Je souhaite évoquer un deuxième aspect : comment comprendre la situation particulièrement préoccupante d'EDF en 2022 et 2023 ?

Alors que de 2012 à 2019, EDF avait dégagé, en moyenne, 4 milliards d'euros de résultat annuel, malgré un prix de l'énergie plutôt bas, l'entreprise affiche aujourd'hui une perte de 18 milliards d'euros et une dette de 65 milliards d'euros. Cette situation financière, extrêmement délicate, est-elle la conséquence de choix ou décisions défavorables à la filière nucléaire ces dernières années, ou résulte-t-elle de l'affichage d'un mix électrique à 50 %, voire de la fermeture de la centrale de Fessenheim ? Chacun sait que la réponse est non : elle est due à la baisse de la disponibilité du parc de centrales, qui n'a pas été en mesure de fournir plus de 279 térawattheures, à la diminution de la production hydraulique liée à la sécheresse, et à la décision gouvernementale d'augmenter de 100 à 120 térawattheures les volumes qu'EDF doit céder à ses concurrents dans le cadre de l'accès régulé à l'électricité nucléaire historique (Arenh), soit une perte de 8 milliards d'euros pour l'entreprise.

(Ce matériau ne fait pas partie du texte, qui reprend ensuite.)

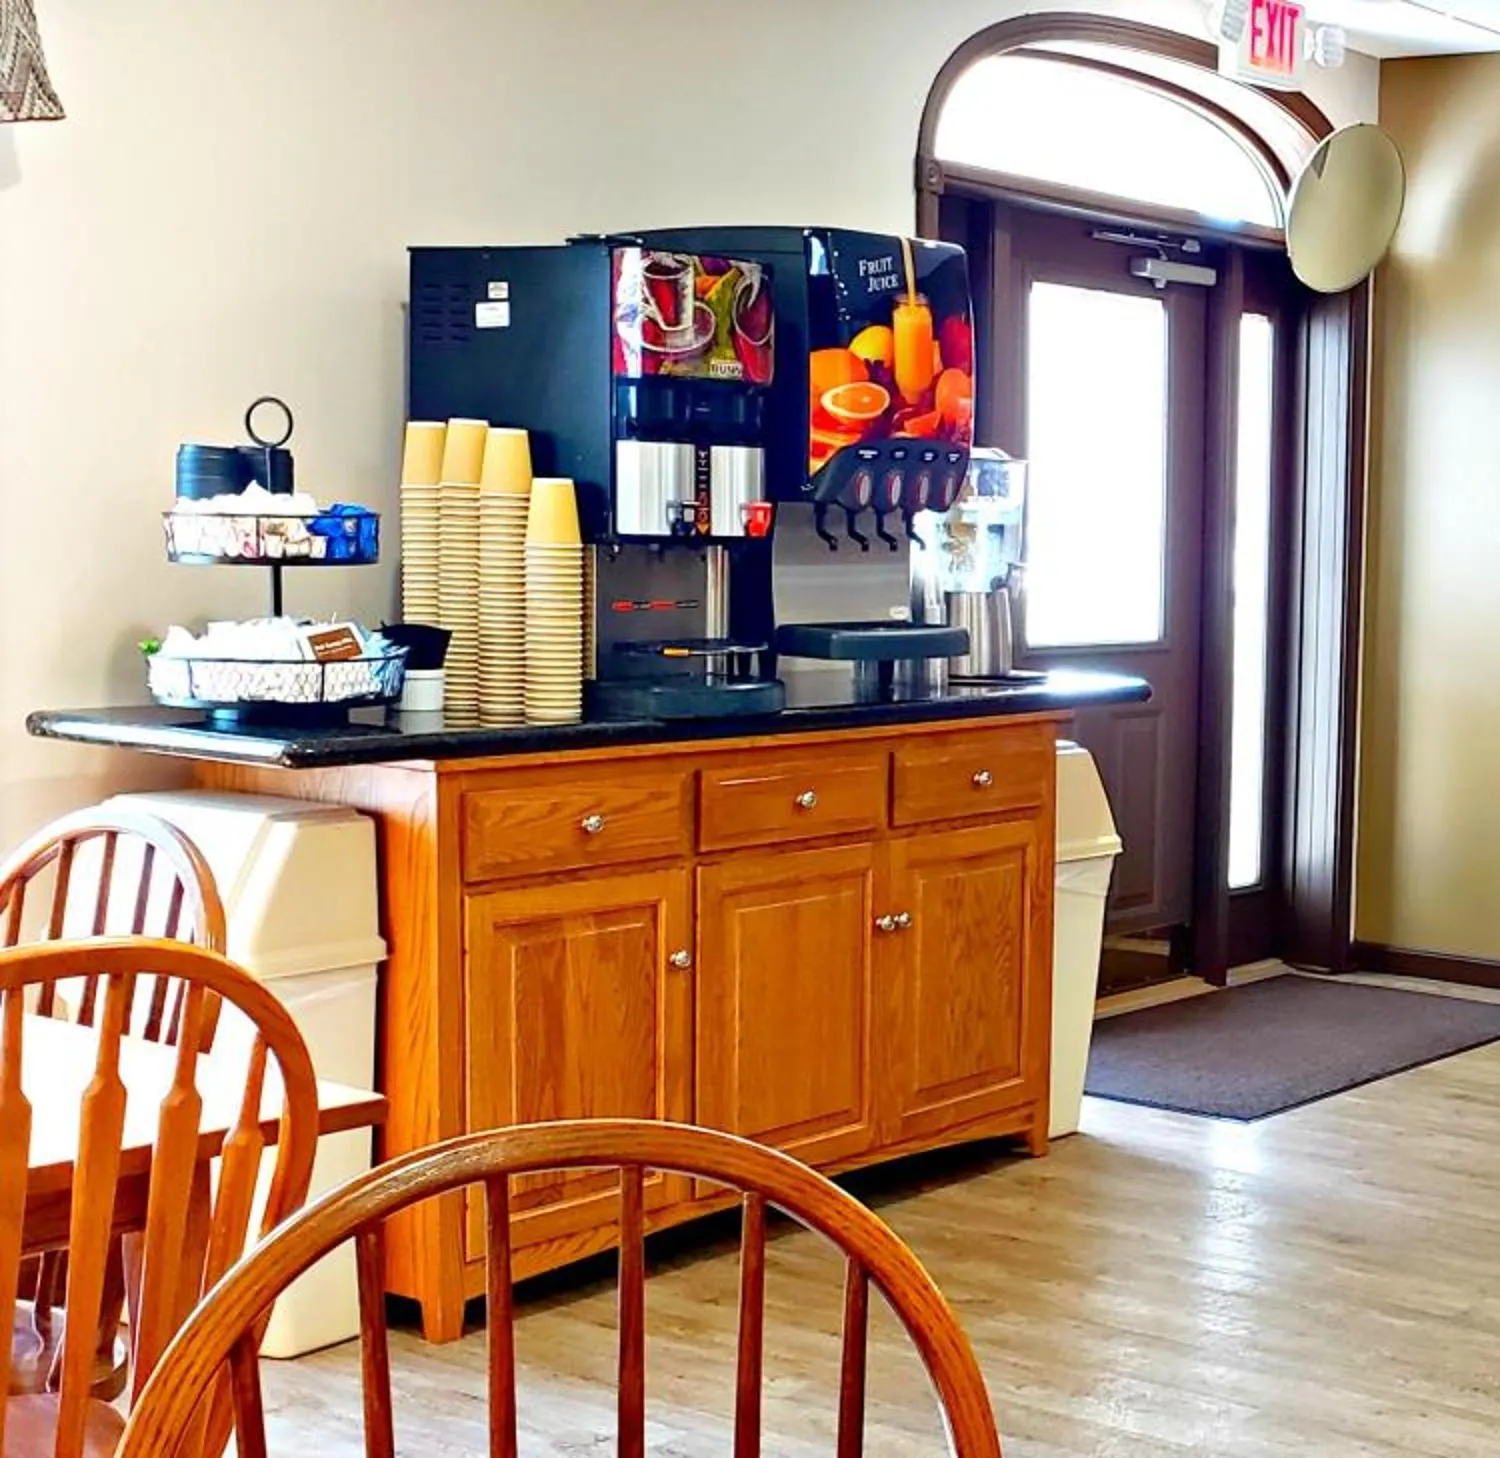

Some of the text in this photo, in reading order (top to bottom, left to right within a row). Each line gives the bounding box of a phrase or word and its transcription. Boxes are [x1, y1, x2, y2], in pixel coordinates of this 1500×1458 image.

[1249, 0, 1299, 75] EXIT
[858, 256, 893, 277] FRUIT
[867, 274, 899, 292] JUICE
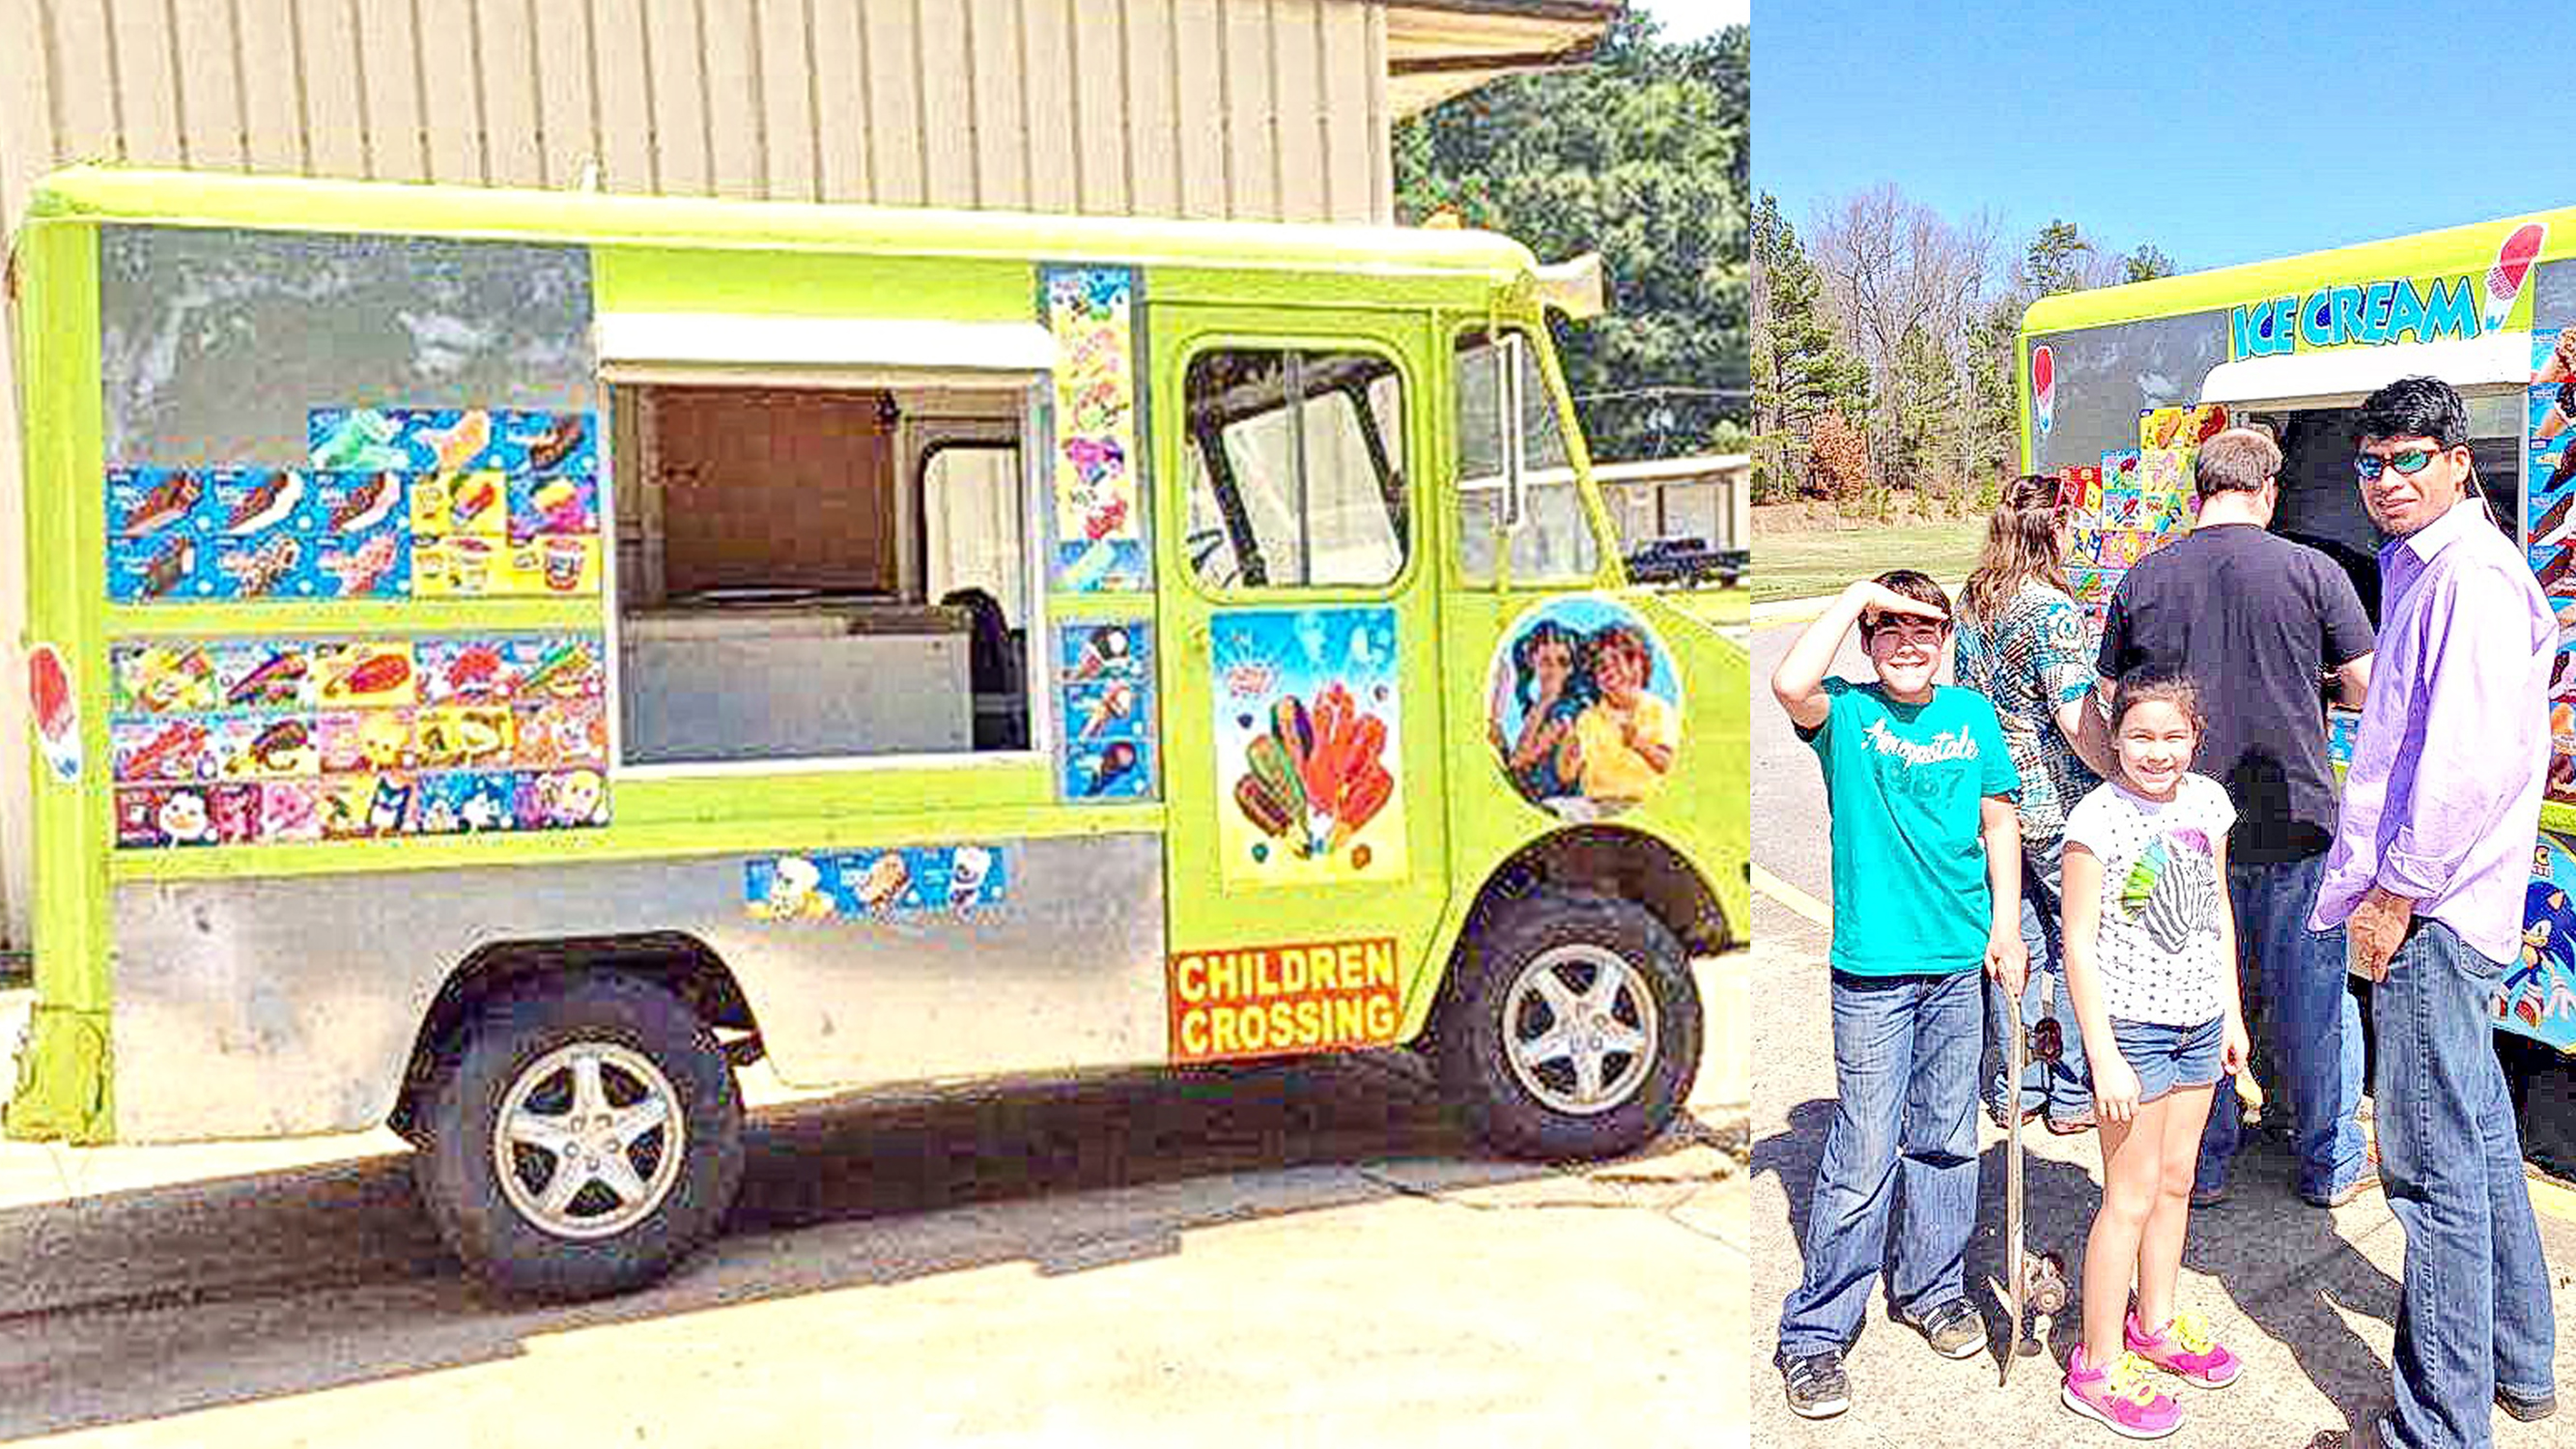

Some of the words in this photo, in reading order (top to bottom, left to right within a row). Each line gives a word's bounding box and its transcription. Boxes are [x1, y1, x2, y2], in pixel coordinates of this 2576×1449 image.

[2231, 295, 2300, 363] ICE
[2300, 275, 2481, 349] CREAM
[1178, 941, 1394, 1003] CHILDREN
[1181, 995, 1396, 1054] CROSSING
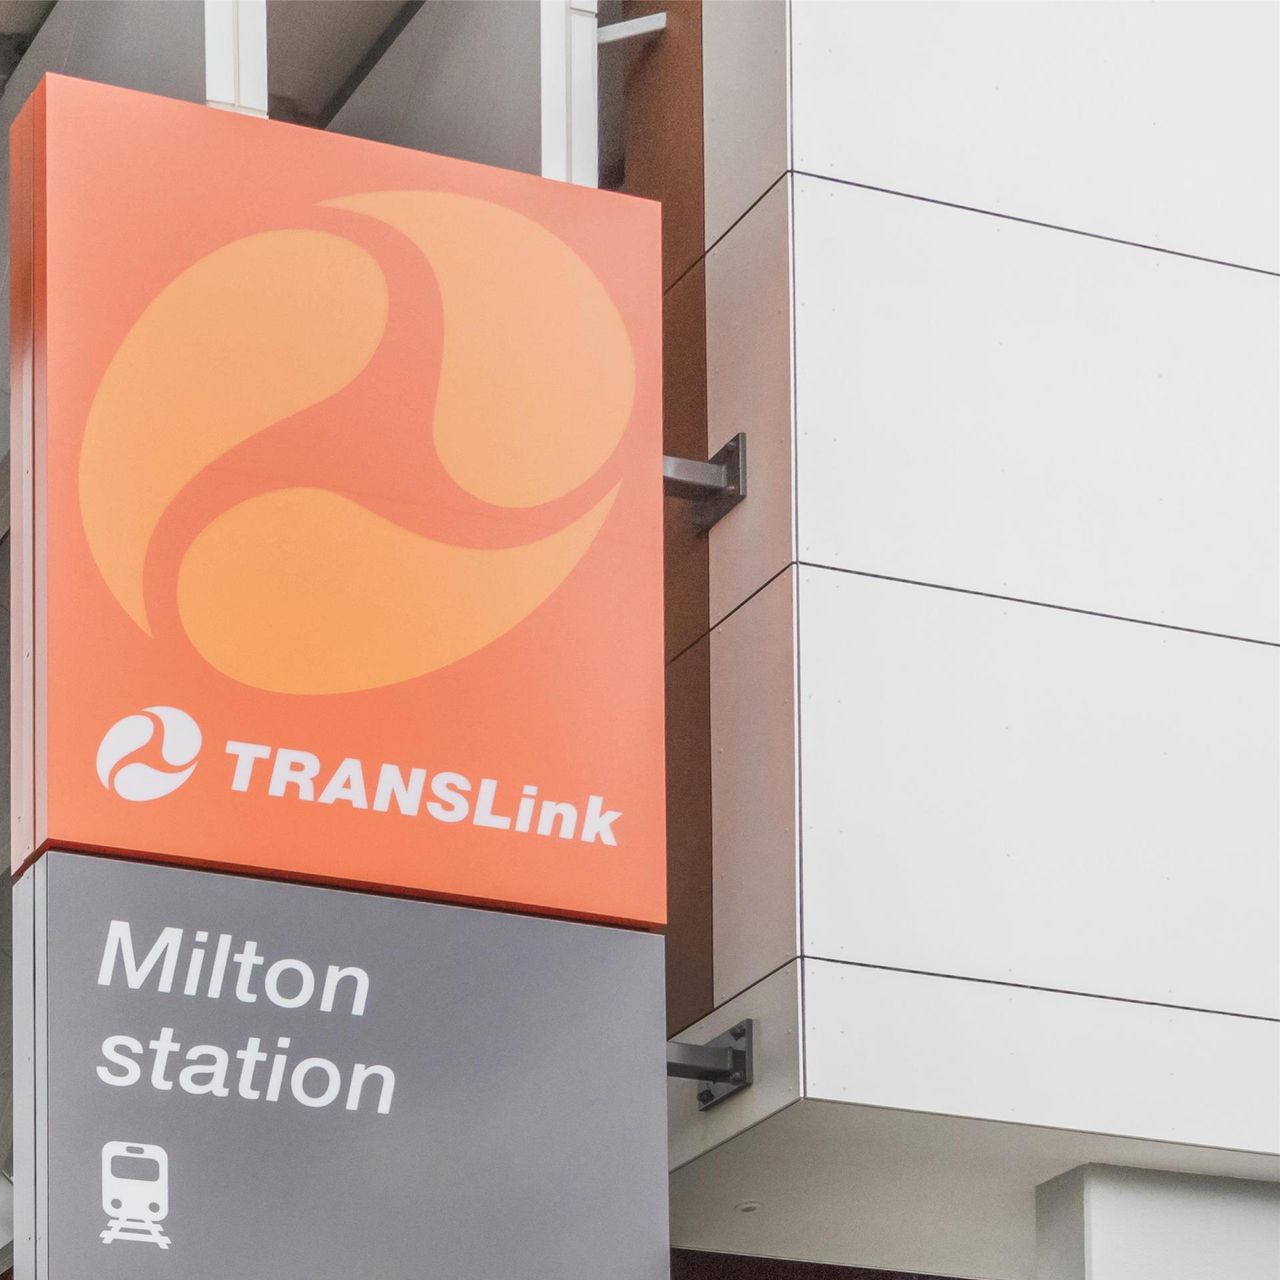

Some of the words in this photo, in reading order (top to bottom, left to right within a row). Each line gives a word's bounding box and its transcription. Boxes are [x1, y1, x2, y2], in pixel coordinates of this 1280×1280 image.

[224, 740, 623, 846] TRANSLink
[97, 919, 370, 1016] Milton
[95, 1026, 396, 1115] station

Ainsi, en l'absence de la moindre capacité de production supplémentaire, les concurrents d'EDF ont pu réaliser des superprofits en revendant dix fois plus cher l'électricité qu'ils lui ont achetée. Le coût supplémentaire lié à ce déplafonnement, dans le cadre de l'Arenh, n'a pas été compensé par l'État : c'est l'entreprise EDF qui a été délibérément affaiblie. Si ce dispositif n'était pas corrigé dans les années à venir, les résultats financiers d'EDF seraient à nouveau négatifs, la production d'électricité nucléaire n'étant pas en mesure de retrouver rapidement son niveau antérieur, compte tenu des travaux nécessaires.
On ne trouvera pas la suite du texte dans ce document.